I'm on a quest for total domination. If not of the world, then I dream of at least dominating the miles of thistles that have taken up residence in my yard. Our house sits on two acres of land in the foothills of the Rockies. For all of you urban dwellers, if you own your own home it probably sits on something between an eighth and a quarter of an acre. Do you know how much you hate to mow your reasonably sized lawn? Multiply that hatred by at least sixteen and you can visit me in the third ring of the seventh circle of hell.
For the last couple of months I have been bombarded with warnings about non-native weeds that will take over your yard and choke out other vegetation. Let me preface my description of the War on Thistle by saying I know this is not the American way.

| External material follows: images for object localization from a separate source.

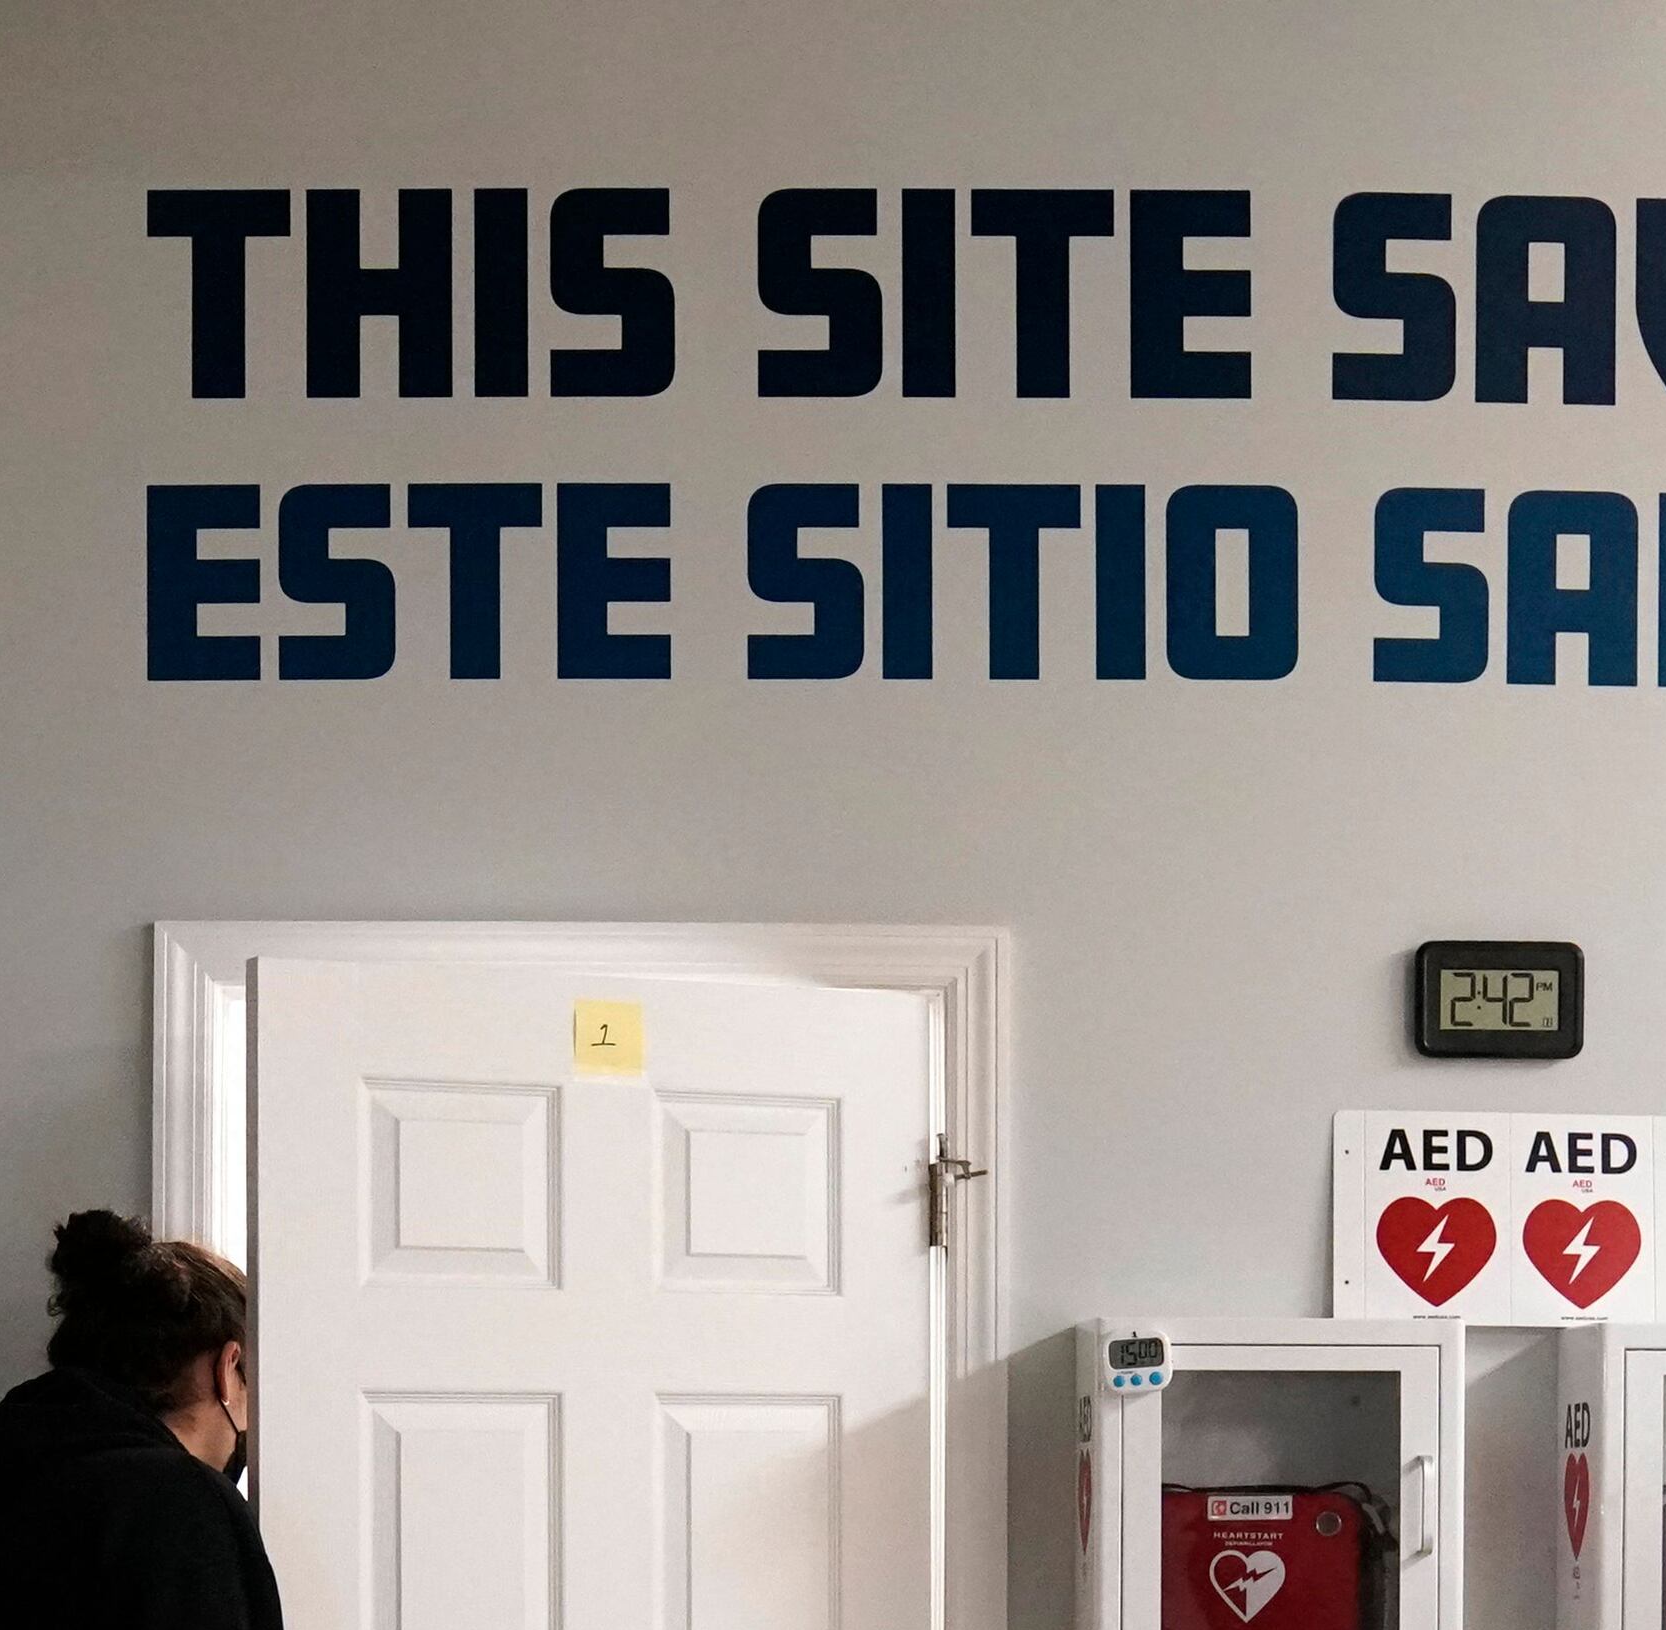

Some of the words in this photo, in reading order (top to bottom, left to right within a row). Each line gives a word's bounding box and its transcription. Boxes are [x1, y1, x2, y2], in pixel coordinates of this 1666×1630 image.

[147, 188, 675, 398] THIS
[758, 188, 1251, 399] SITE
[147, 483, 671, 681] ESTE
[747, 483, 1298, 680] SITIO
[1450, 972, 1534, 1027] 2:42
[1535, 982, 1553, 992] PM
[590, 1023, 616, 1046] 1
[1379, 1128, 1493, 1172] AED
[1525, 1131, 1637, 1174] AED
[1425, 1178, 1446, 1187] AED
[1572, 1180, 1593, 1189] AED
[1565, 1402, 1591, 1448] AED
[1230, 1502, 1259, 1515] Call
[1264, 1502, 1289, 1514] 911
[1213, 1531, 1284, 1540] HEARTSTART
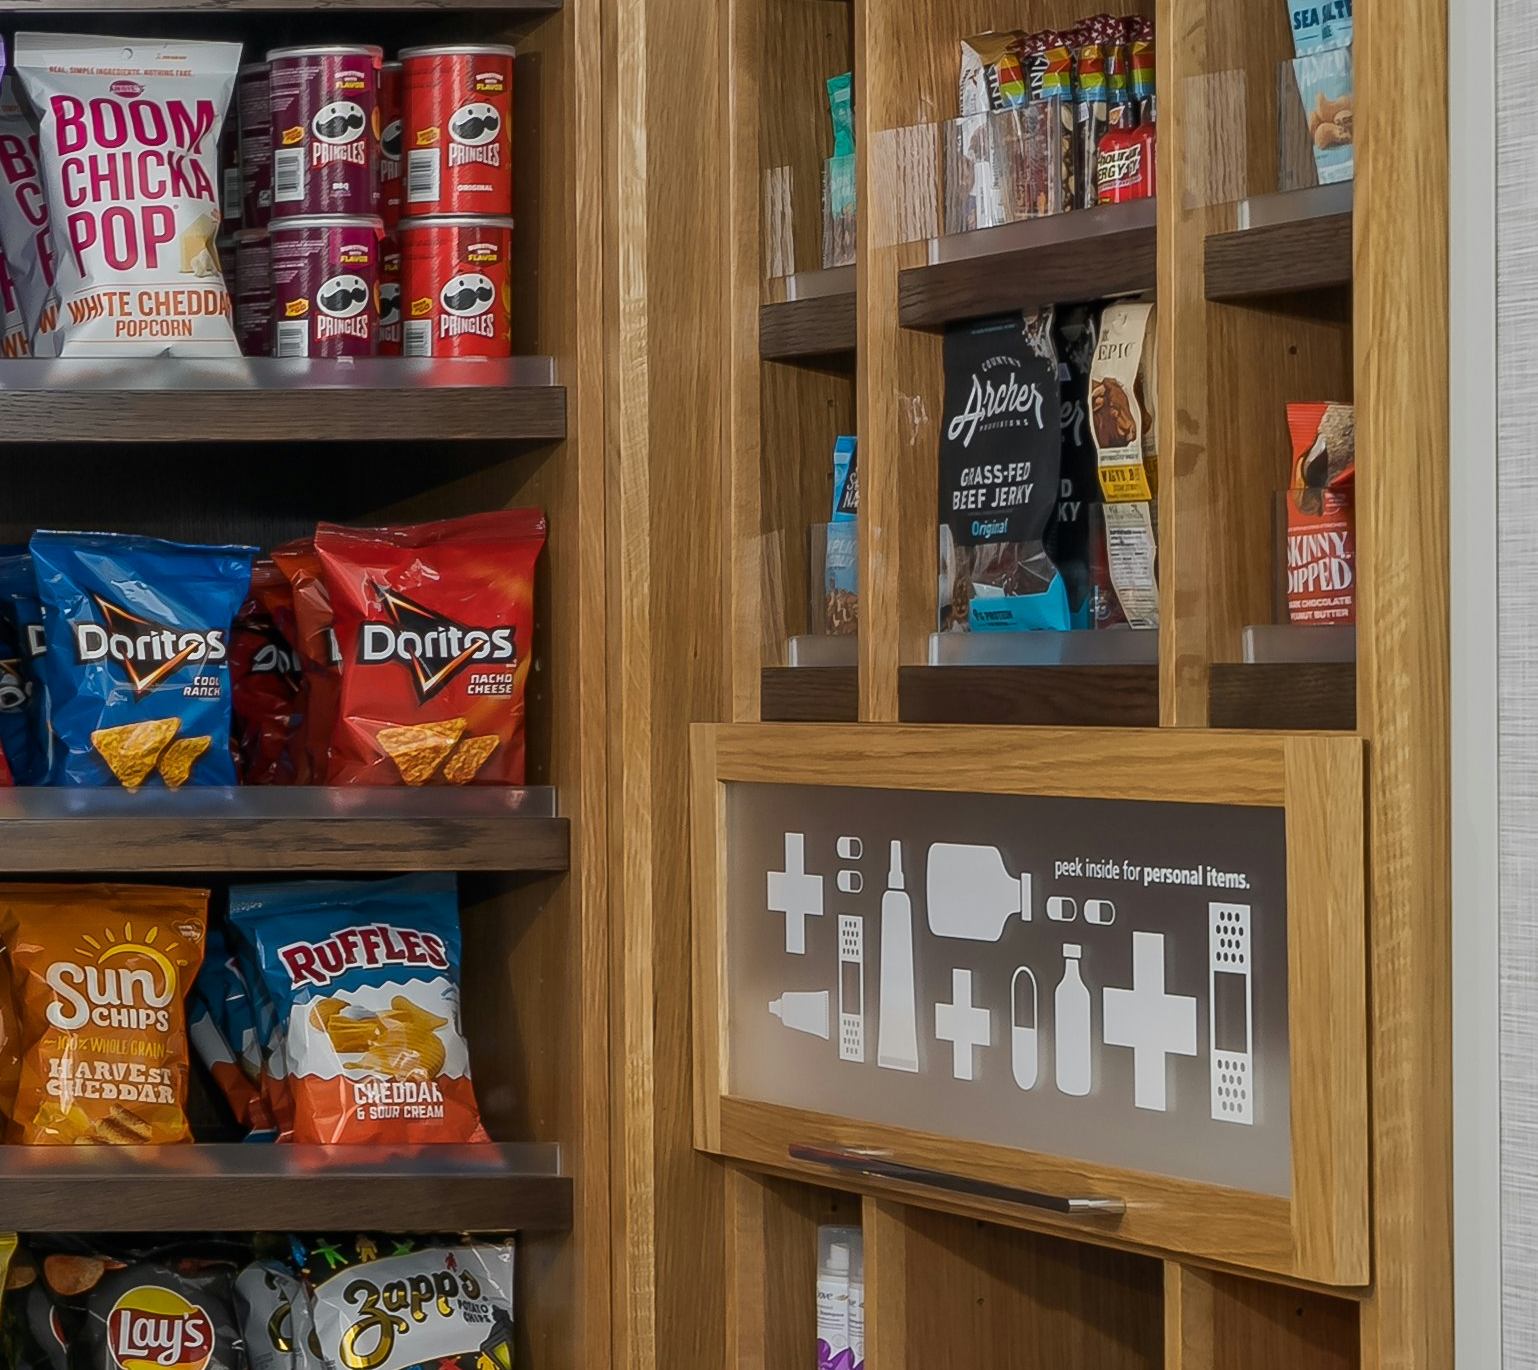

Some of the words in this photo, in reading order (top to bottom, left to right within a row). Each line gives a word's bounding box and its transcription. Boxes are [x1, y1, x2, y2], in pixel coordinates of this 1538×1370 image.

[312, 141, 367, 167] PRINGLES
[68, 291, 135, 322] WHITE
[139, 289, 234, 317] CHEDDAR
[115, 318, 194, 340] POPCORN
[948, 373, 1044, 447] Archer
[960, 460, 1032, 488] GRASS-FED
[952, 488, 986, 511] BEEF
[989, 482, 1033, 509] JERKY
[971, 517, 1008, 538] Original
[78, 624, 225, 663] Doritos
[362, 624, 513, 661] Doritos
[467, 684, 513, 696] CHEESE
[470, 674, 513, 685] NACHO
[1054, 858, 1083, 880] peek
[1086, 860, 1120, 881] inside
[1122, 862, 1141, 881] for
[1143, 865, 1202, 887] personal
[1206, 867, 1251, 889] items.
[284, 924, 449, 986] RUFFLES
[46, 961, 175, 1030] Sun
[91, 1008, 169, 1031] CHIPS
[44, 1079, 175, 1105] CHEDDAR
[353, 1082, 444, 1105] CHEDDAR
[357, 1107, 367, 1119] &
[368, 1105, 398, 1119] SOUR
[401, 1103, 445, 1119] CREAM
[339, 1265, 481, 1370] Zapp's
[115, 1304, 206, 1364] Lay's

US Customs Officer: "I'm sorry Mr. X, but you look like you are non-native to the United States. We're afraid you may try to strangle significant numbers of our existing citizens. It is imperative that I attack you with this rusty shovel, throw you in my wheelbarrow and cart you off to be burned so that we can ensure that none of your sperm jump out of your lifeless body with the intent of taking over the state of Colorado with your spawn."
Then again, my yard is not a microcosm of US foreign policy, so I don't really care. This non-native thing fascinates me though. Did little Sally Settler decide that those prickly thistle plants were just so beautiful. "I'll just stick one in my petticoats so that I can plant it in my garden when we get to Colorado."
Or was it a bird that did this to me. Tell me this. What bird do you know that can eat in Missouri and not poop until Colorado? The only thing I can figure is there must have been no freshly washed cars on that boring flight across Kansas.
"No target practice today, Marge. Looks like all these humans have been lazy about washing their cars. Can you hold it until Colorado?"
Picture this. My yard is a beautiful field with tall swaying grasses, wildflowers blooming in purples, yellows and pinks, and about 1,003 prickly gangly aliens who look like they're wearing pink fiber optic berets. (Definitely the kind you find in a second-hand store!) Everyday I go out armed with my shovel and rubber gloves. And everyday I ask myself how it is possible that more grew overnight.
And the bees. Oh, they are seriously furious with me. I started in on this huge stand of thistles yesterday on which I counted no less than 18 big freaking bumblebees. As each thistle went down, the bees had less real estate. I had fuzzy drunk bees dive bombing my head in anger. Thank goodness for the drunk part or they may have done a lot more damage to my face.
As warped as it sounds, I sort of feel for the little guys (the bees, not the francophile thistles). They have one joy in life - getting stumbling, can't see straight, speaking drunkenese, three sheets to the wind drunk on nectar. Otherwise what do they do with their lives? They sit around waiting to sting some crazy person like me who is failing her arms, yelling at the top of her lungs and contorting her body into hideous pretzels to avoid contact. And when they do finally sting someone, the very end of their butt falls off and they die within the day. Hmmm. No wonder they spend their days drunk. I'd be pretty mad too if someone took away nature's liquor cabinet.